## Requirement
From the first line to the last, print the data exactly.

## Task material
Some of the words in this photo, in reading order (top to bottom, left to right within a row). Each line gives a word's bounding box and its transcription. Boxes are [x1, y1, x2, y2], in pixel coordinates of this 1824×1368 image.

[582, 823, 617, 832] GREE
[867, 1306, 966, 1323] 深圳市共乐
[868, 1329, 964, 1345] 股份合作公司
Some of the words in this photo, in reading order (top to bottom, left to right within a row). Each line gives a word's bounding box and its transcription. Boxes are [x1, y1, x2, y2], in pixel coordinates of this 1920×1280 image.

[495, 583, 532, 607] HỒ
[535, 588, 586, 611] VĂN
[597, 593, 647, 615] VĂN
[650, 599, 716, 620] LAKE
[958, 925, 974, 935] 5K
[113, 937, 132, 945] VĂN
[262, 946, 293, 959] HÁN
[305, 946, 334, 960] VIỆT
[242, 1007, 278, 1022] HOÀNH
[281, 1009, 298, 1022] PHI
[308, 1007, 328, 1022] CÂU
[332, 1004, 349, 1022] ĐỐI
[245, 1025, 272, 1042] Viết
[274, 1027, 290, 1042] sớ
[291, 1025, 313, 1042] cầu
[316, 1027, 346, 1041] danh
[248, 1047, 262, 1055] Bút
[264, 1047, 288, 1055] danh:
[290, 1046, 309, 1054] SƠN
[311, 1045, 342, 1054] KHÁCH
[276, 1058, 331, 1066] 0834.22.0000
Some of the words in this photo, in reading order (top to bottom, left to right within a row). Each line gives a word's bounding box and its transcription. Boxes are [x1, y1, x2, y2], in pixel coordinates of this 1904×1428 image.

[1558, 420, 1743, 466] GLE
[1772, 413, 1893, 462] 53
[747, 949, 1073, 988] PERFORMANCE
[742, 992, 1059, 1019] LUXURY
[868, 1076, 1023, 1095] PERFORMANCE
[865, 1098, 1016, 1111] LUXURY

## Written answer
Some of the words in this photo, in reading order (top to bottom, left to right within a row). Each line gives a word's bounding box and its transcription. Boxes are [x1, y1, x2, y2], in pixel coordinates of this 1824×1368 image.

[582, 823, 617, 832] GREE
[867, 1306, 966, 1323] 深圳市共乐
[868, 1329, 964, 1345] 股份合作公司
Some of the words in this photo, in reading order (top to bottom, left to right within a row). Each line gives a word's bounding box and its transcription. Boxes are [x1, y1, x2, y2], in pixel coordinates of this 1920×1280 image.

[495, 583, 532, 607] HỒ
[535, 588, 586, 611] VĂN
[597, 593, 647, 615] VĂN
[650, 599, 716, 620] LAKE
[958, 925, 974, 935] 5K
[113, 937, 132, 945] VĂN
[262, 946, 293, 959] HÁN
[305, 946, 334, 960] VIỆT
[242, 1007, 278, 1022] HOÀNH
[281, 1009, 298, 1022] PHI
[308, 1007, 328, 1022] CÂU
[332, 1004, 349, 1022] ĐỐI
[245, 1025, 272, 1042] Viết
[274, 1027, 290, 1042] sớ
[291, 1025, 313, 1042] cầu
[316, 1027, 346, 1041] danh
[248, 1047, 262, 1055] Bút
[264, 1047, 288, 1055] danh:
[290, 1046, 309, 1054] SƠN
[311, 1045, 342, 1054] KHÁCH
[276, 1058, 331, 1066] 0834.22.0000
Some of the words in this photo, in reading order (top to bottom, left to right within a row). Each line gives a word's bounding box and its transcription. Boxes are [x1, y1, x2, y2], in pixel coordinates of this 1904×1428 image.

[1558, 420, 1743, 466] GLE
[1772, 413, 1893, 462] 53
[747, 949, 1073, 988] PERFORMANCE
[742, 992, 1059, 1019] LUXURY
[868, 1076, 1023, 1095] PERFORMANCE
[865, 1098, 1016, 1111] LUXURY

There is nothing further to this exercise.